*Work to complete*
Nothing but the listing below, retyped exactly, should appear in the answer.

*Information shown*

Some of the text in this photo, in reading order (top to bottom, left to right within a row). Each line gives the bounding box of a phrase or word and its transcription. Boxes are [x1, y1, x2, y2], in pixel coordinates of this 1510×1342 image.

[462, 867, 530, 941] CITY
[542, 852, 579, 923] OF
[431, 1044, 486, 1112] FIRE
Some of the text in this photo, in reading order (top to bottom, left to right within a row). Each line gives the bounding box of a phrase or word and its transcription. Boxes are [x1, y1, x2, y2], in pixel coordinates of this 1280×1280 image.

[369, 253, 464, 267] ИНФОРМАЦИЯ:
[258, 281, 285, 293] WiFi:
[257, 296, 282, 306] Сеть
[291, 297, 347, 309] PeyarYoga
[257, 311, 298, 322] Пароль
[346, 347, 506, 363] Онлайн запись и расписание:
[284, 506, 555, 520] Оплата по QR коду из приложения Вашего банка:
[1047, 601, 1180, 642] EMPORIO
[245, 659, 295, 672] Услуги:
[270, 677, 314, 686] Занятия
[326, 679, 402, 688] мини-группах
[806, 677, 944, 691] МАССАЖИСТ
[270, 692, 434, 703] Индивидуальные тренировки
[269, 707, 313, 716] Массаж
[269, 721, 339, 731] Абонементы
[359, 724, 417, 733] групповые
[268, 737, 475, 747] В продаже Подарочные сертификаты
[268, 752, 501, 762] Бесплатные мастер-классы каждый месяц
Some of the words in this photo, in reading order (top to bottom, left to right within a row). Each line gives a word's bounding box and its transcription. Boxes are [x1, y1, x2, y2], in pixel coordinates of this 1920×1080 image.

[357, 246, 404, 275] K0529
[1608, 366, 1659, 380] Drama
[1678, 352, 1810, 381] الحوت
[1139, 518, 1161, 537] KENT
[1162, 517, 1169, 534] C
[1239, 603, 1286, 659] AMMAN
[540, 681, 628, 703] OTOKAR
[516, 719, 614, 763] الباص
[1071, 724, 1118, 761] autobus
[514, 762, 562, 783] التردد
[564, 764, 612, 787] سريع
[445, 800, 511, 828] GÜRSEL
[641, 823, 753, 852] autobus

*Finished task*
Some of the text in this photo, in reading order (top to bottom, left to right within a row). Each line gives the bounding box of a phrase or word and its transcription. Boxes are [x1, y1, x2, y2], in pixel coordinates of this 1510×1342 image.

[462, 867, 530, 941] CITY
[542, 852, 579, 923] OF
[431, 1044, 486, 1112] FIRE
Some of the text in this photo, in reading order (top to bottom, left to right within a row). Each line gives the bounding box of a phrase or word and its transcription. Boxes are [x1, y1, x2, y2], in pixel coordinates of this 1280×1280 image.

[369, 253, 464, 267] ИНФОРМАЦИЯ:
[258, 281, 285, 293] WiFi:
[257, 296, 282, 306] Сеть
[291, 297, 347, 309] PeyarYoga
[257, 311, 298, 322] Пароль
[346, 347, 506, 363] Онлайн запись и расписание:
[284, 506, 555, 520] Оплата по QR коду из приложения Вашего банка:
[1047, 601, 1180, 642] EMPORIO
[245, 659, 295, 672] Услуги:
[270, 677, 314, 686] Занятия
[326, 679, 402, 688] мини-группах
[806, 677, 944, 691] МАССАЖИСТ
[270, 692, 434, 703] Индивидуальные тренировки
[269, 707, 313, 716] Массаж
[269, 721, 339, 731] Абонементы
[359, 724, 417, 733] групповые
[268, 737, 475, 747] В продаже Подарочные сертификаты
[268, 752, 501, 762] Бесплатные мастер-классы каждый месяц
Some of the words in this photo, in reading order (top to bottom, left to right within a row). Each line gives a word's bounding box and its transcription. Boxes are [x1, y1, x2, y2], in pixel coordinates of this 1920×1080 image.

[357, 246, 404, 275] K0529
[1608, 366, 1659, 380] Drama
[1678, 352, 1810, 381] الحوت
[1139, 518, 1161, 537] KENT
[1162, 517, 1169, 534] C
[1239, 603, 1286, 659] AMMAN
[540, 681, 628, 703] OTOKAR
[516, 719, 614, 763] الباص
[1071, 724, 1118, 761] autobus
[514, 762, 562, 783] التردد
[564, 764, 612, 787] سريع
[445, 800, 511, 828] GÜRSEL
[641, 823, 753, 852] autobus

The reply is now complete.